FAMERP/HB - Faculdade de Medicina de São José do Rio Preto - Hospital de Base (SP) — Prova 2022
A introdução da imunoglobulina anti-D diminuiu a incidência de Doença Hemolítica Perinatal. Durante a assistência pré-natal, a administração desse medicamento em gestantes Rh negativo poderá ser realizada no seguinte caso:
Gestante Rh negativo com Coombs indireto negativo deve receber imunoglobulina anti-D após sangramento vaginal para prevenir sensibilização.
A imunoglobulina anti-D é administrada em gestantes Rh negativo com Coombs indireto negativo para prevenir a sensibilização ao antígeno Rh. Sangramentos vaginais durante a gestação, mesmo em fases iniciais, são eventos que podem levar à passagem de hemácias fetais para a circulação materna, justificando a profilaxia.
A Doença Hemolítica Perinatal (DHP) é uma condição grave causada pela isoimunização Rh, onde a mãe Rh negativo produz anticorpos contra as hemácias Rh positivo do feto. A imunoglobulina anti-D revolucionou a prevenção da DHP, agindo ao destruir as hemácias fetais Rh positivas que entram na circulação materna antes que o sistema imune da mãe possa ser sensibilizado. É crucial entender as indicações para sua administração. A administração da imunoglobulina anti-D é indicada em gestantes Rh negativo que não estão sensibilizadas (ou seja, com Teste de Coombs indireto negativo) e que são expostas a hemácias fetais Rh positivas. Sangramentos vaginais em qualquer fase da gestação representam um risco de passagem de hemácias fetais para a circulação materna, podendo levar à sensibilização. Portanto, após um sangramento vaginal, se o Coombs indireto for negativo, a imunoglobulina anti-D deve ser administrada para prevenir a isoimunização. Analisando as alternativas: A) Gestação molar completa anterior não é uma indicação para imunoglobulina anti-D, pois não há risco de sensibilização Rh fetal. B) Teste de Coombs indireto positivo indica que a mãe já está sensibilizada, e a imunoglobulina anti-D não é eficaz nesse caso. Ela é profilática, não terapêutica para sensibilização já estabelecida. A administração rotineira é com Coombs indireto negativo. D) Teste de Coombs indireto positivo novamente indica sensibilização, e a laqueadura tubária não altera a necessidade de profilaxia se a mulher não estiver sensibilizada, mas se já estiver, a imunoglobulina não tem efeito. Portanto, a alternativa C é a única que se alenca com os princípios da profilaxia da isoimunização Rh.

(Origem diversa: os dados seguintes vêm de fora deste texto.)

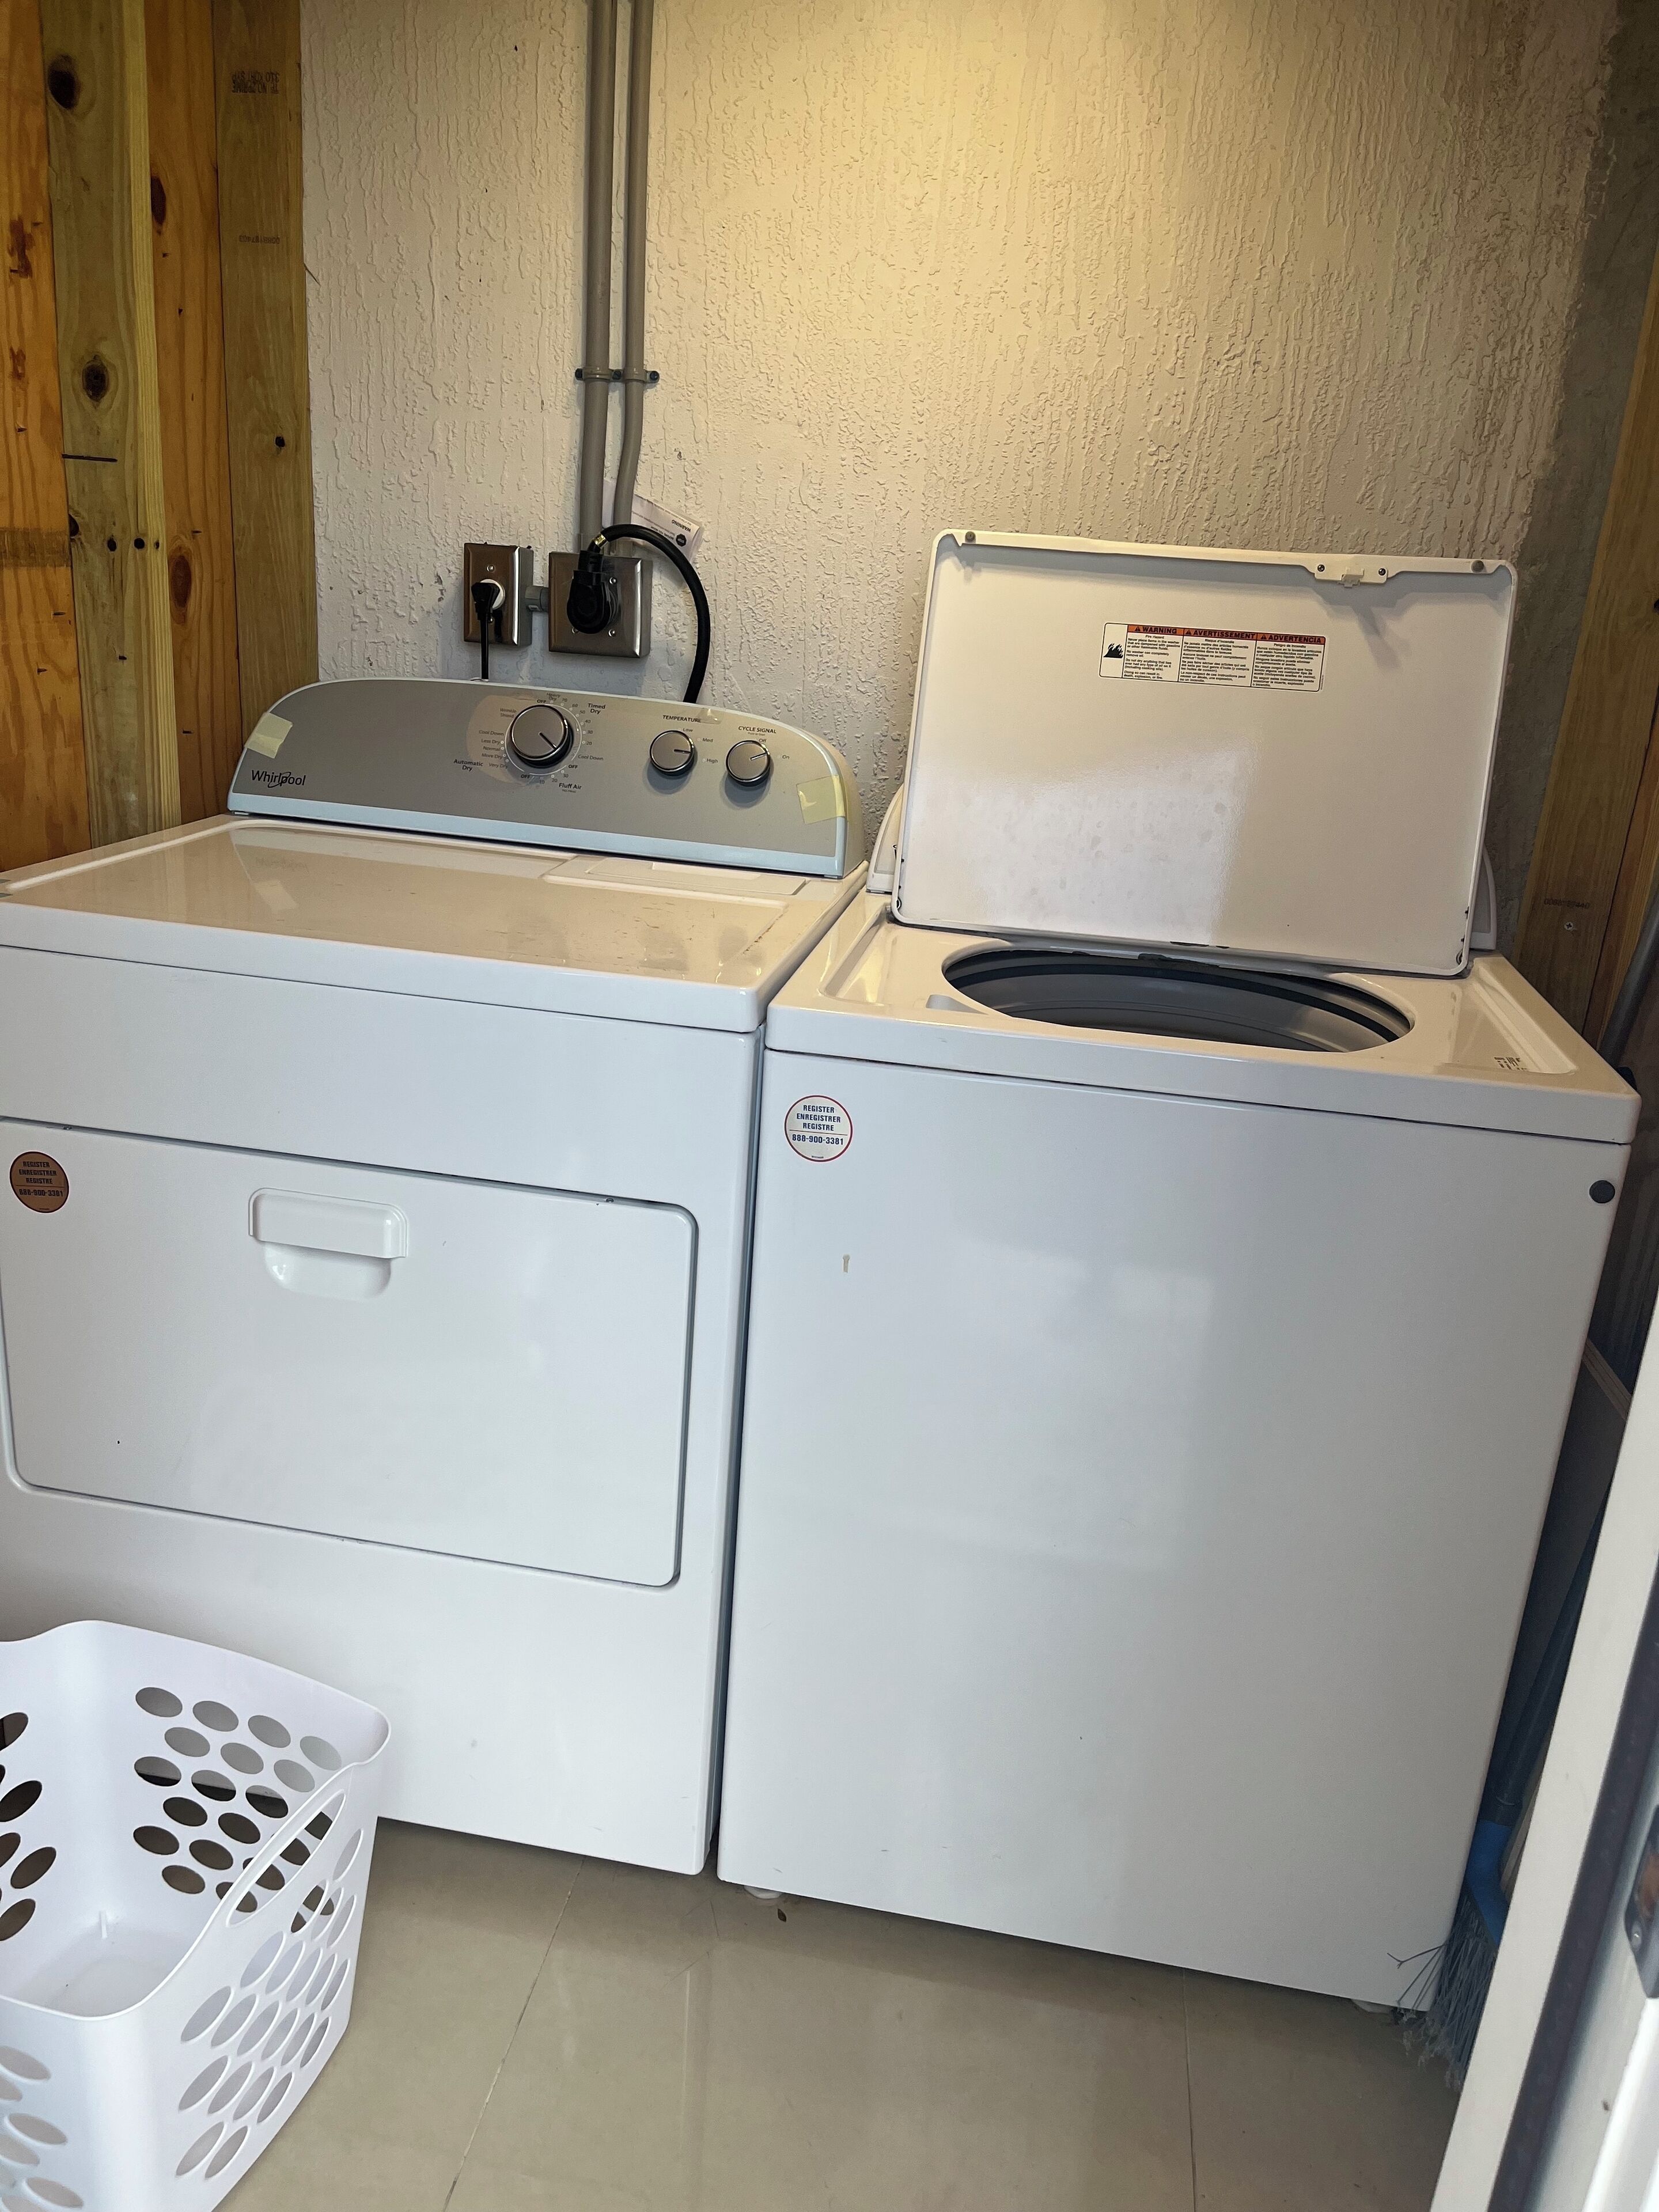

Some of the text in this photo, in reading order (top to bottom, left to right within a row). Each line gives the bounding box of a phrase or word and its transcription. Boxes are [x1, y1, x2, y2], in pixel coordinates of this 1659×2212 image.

A imunoglobulina anti-D tem como objetivo prevenir a sensibilização de gestantes Rh negativo ao antígeno Rh positivo do feto, evitando a formação de anticorpos maternos que poderiam causar a Doença Hemolítica Perinatal em gestações futuras.
A administração rotineira é recomendada entre a 28ª e a 32ª semana de gestação para todas as gestantes Rh negativo não sensibilizadas (Coombs indireto negativo).
Além da profilaxia rotineira, a imunoglobulina anti-D deve ser administrada após eventos como aborto, gravidez ectópica, sangramento vaginal, amniocentese, biópsia de vilo corial, versão cefálica externa, trauma abdominal e no pós-parto de recém-nascido Rh positivo.